▶ [DATASET RECORDS]:

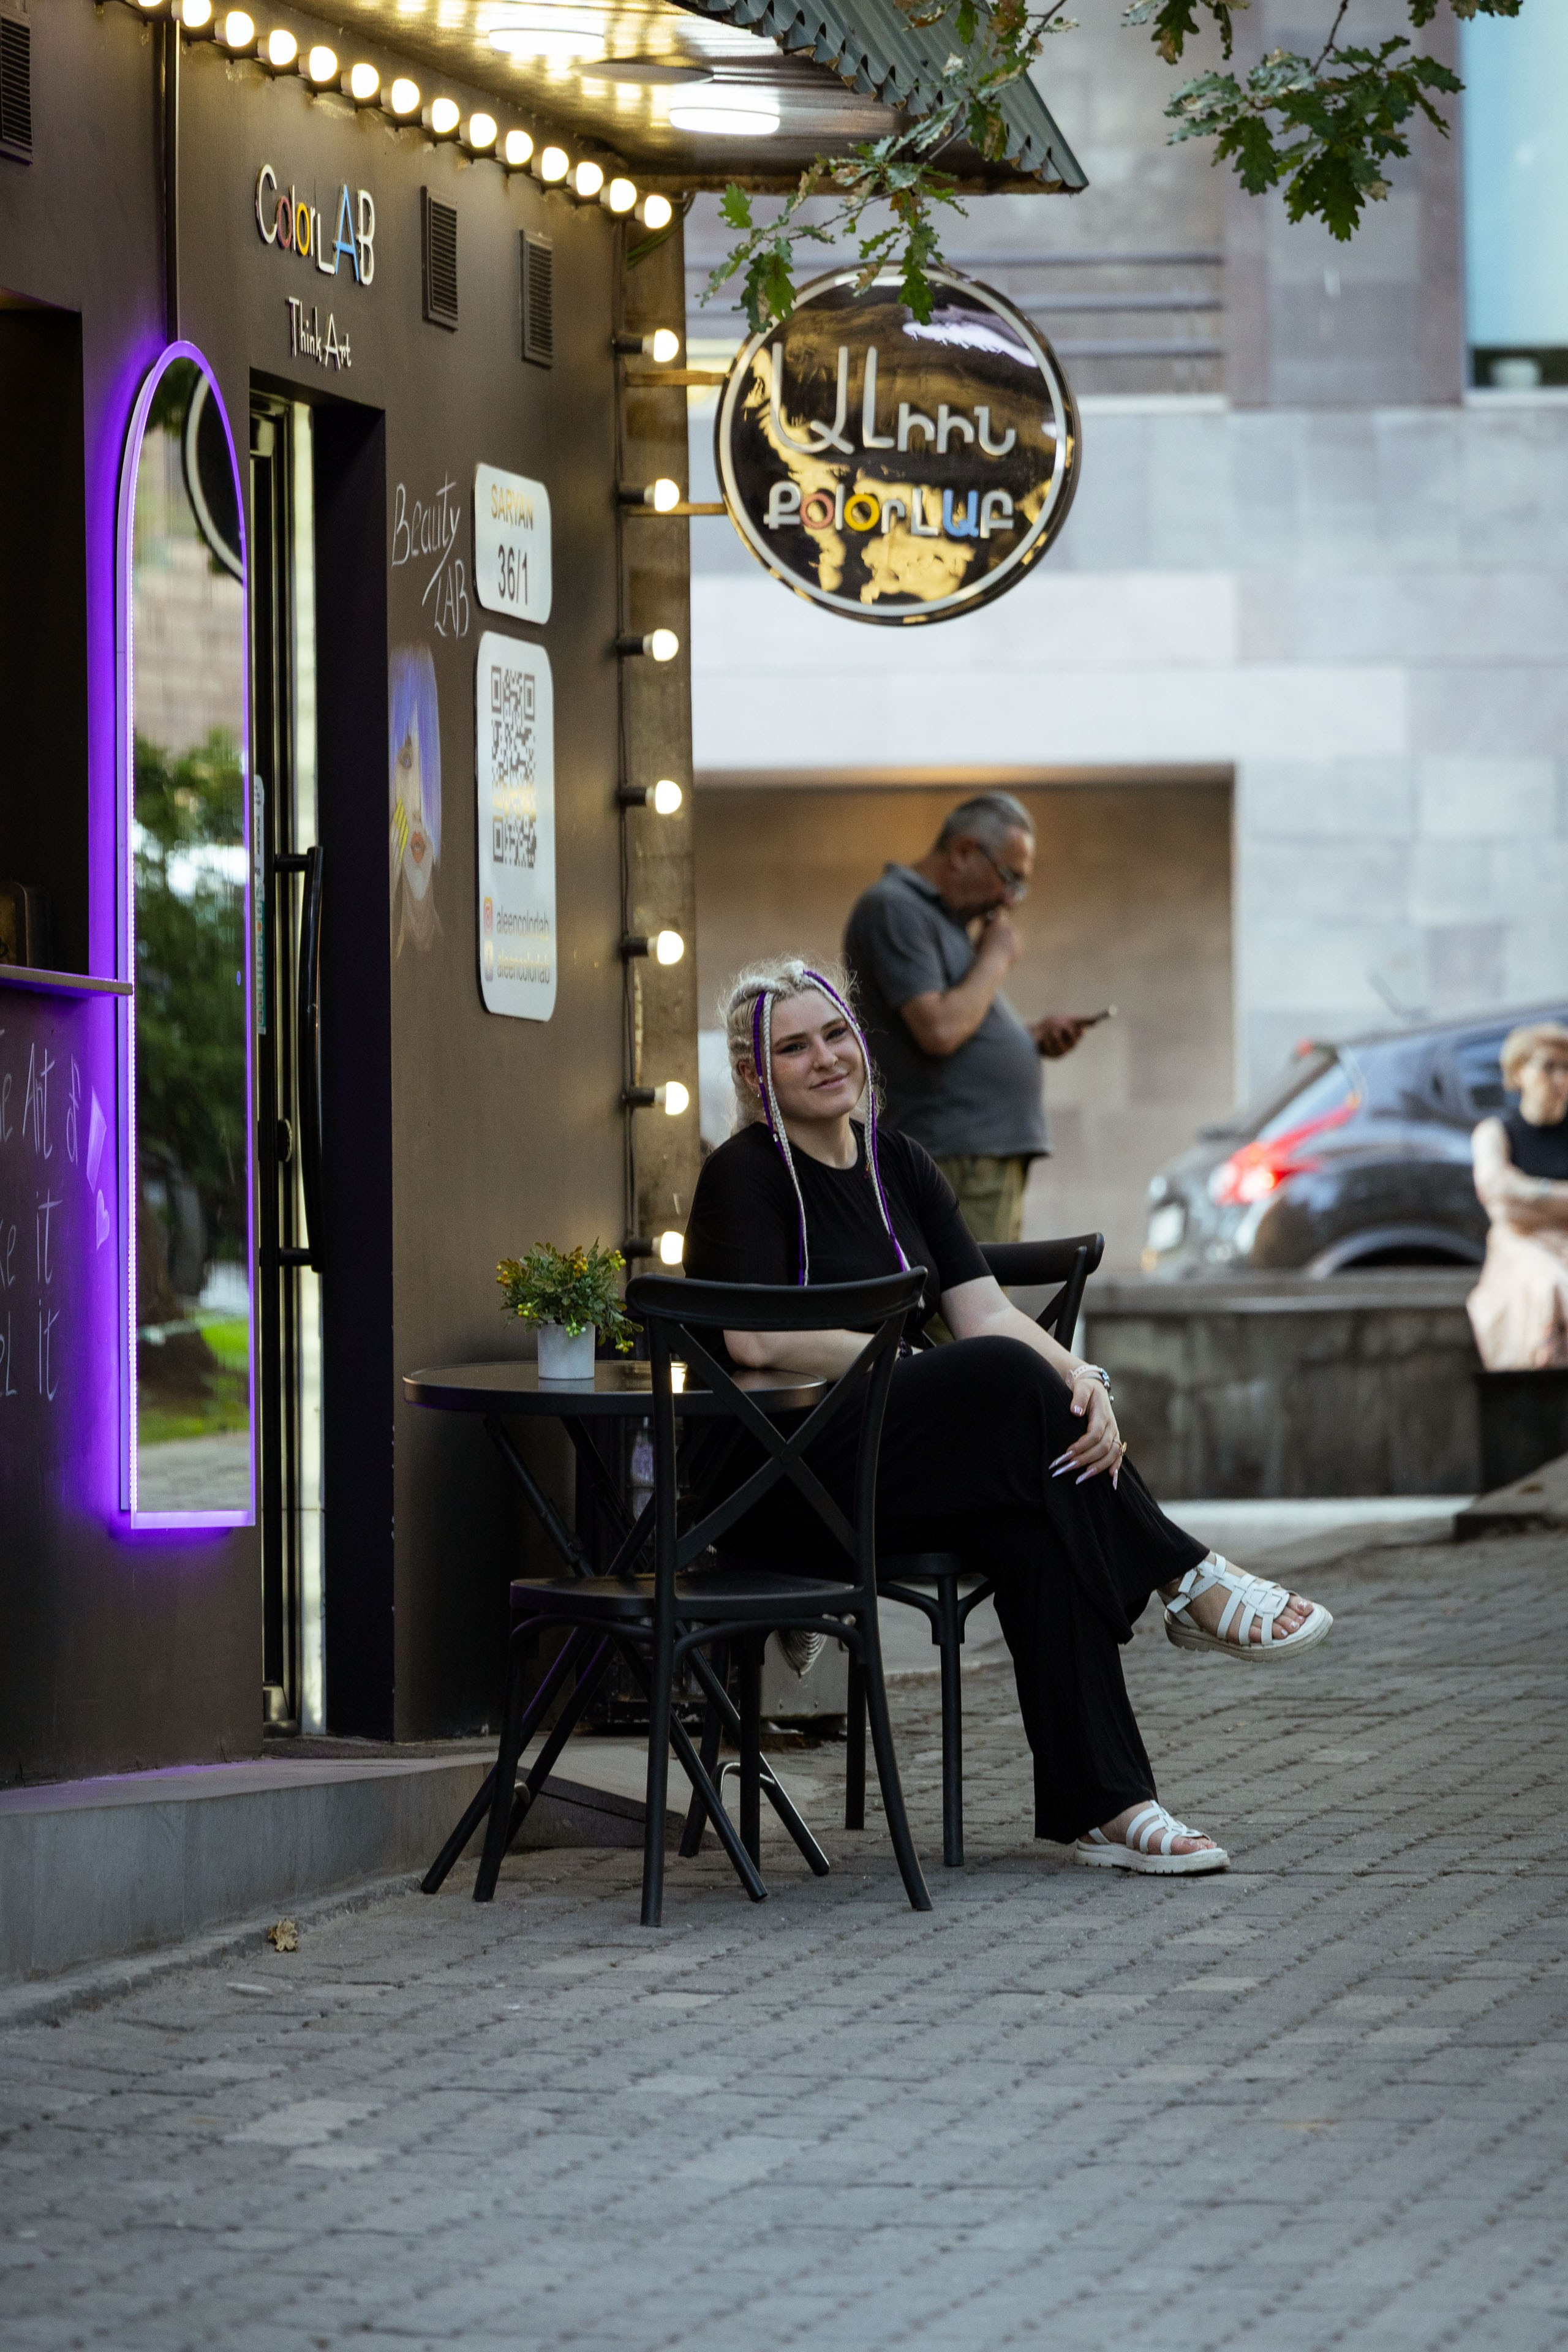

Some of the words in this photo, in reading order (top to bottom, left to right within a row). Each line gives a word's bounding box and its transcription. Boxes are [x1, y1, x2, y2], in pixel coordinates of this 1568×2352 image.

[255, 164, 374, 285] ColorLAB
[287, 296, 322, 363] Think
[325, 313, 351, 370] Art
[391, 470, 460, 606] Beauty
[491, 484, 533, 530] SARYAN
[434, 559, 469, 639] LAB
[497, 544, 528, 606] 36/1
[497, 905, 549, 937] aleencolorlab
[497, 949, 549, 984] aleencolorlab
[22, 1042, 55, 1160] Art
[36, 1188, 62, 1285] it
[38, 1298, 60, 1401] it
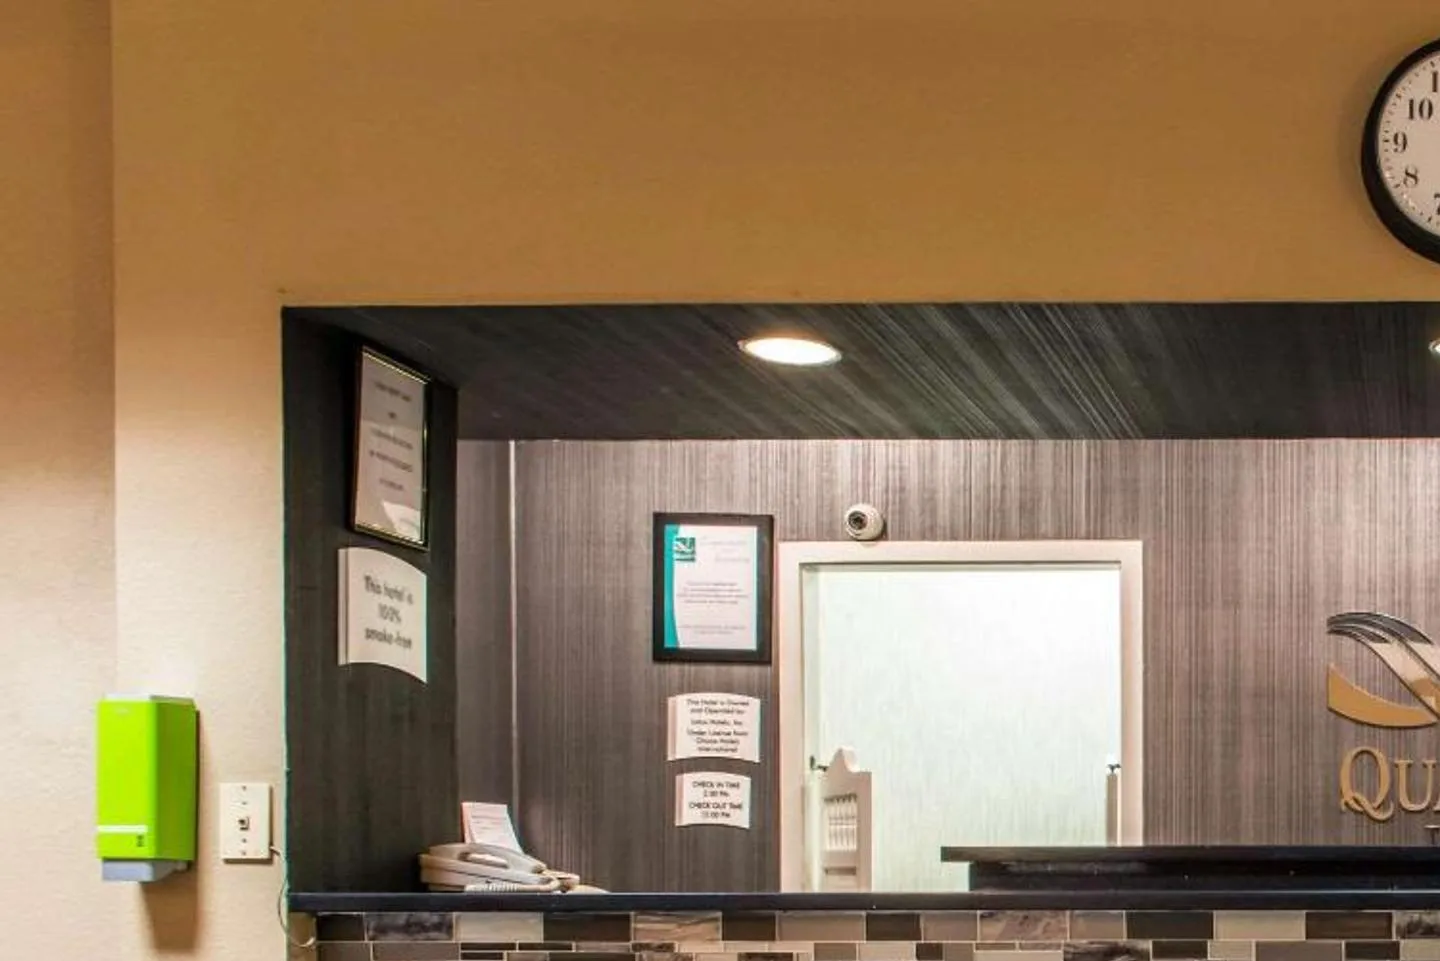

▶ [EXERCISE GOAL]:
Repeat each entry exactly as it appears; skip any picture.

▶ [EXPECTED ANSWER]:
Some of the words in this photo, in reading order (top to bottom, left to right within a row). Each line gives a word's bounding box and its transcription. Boxes are [x1, y1, x2, y2], in pixel coordinates of this 1568×2352 image.

[255, 164, 374, 285] ColorLAB
[287, 296, 322, 363] Think
[325, 313, 351, 370] Art
[391, 470, 460, 606] Beauty
[491, 484, 533, 530] SARYAN
[434, 559, 469, 639] LAB
[497, 544, 528, 606] 36/1
[497, 905, 549, 937] aleencolorlab
[497, 949, 549, 984] aleencolorlab
[22, 1042, 55, 1160] Art
[36, 1188, 62, 1285] it
[38, 1298, 60, 1401] it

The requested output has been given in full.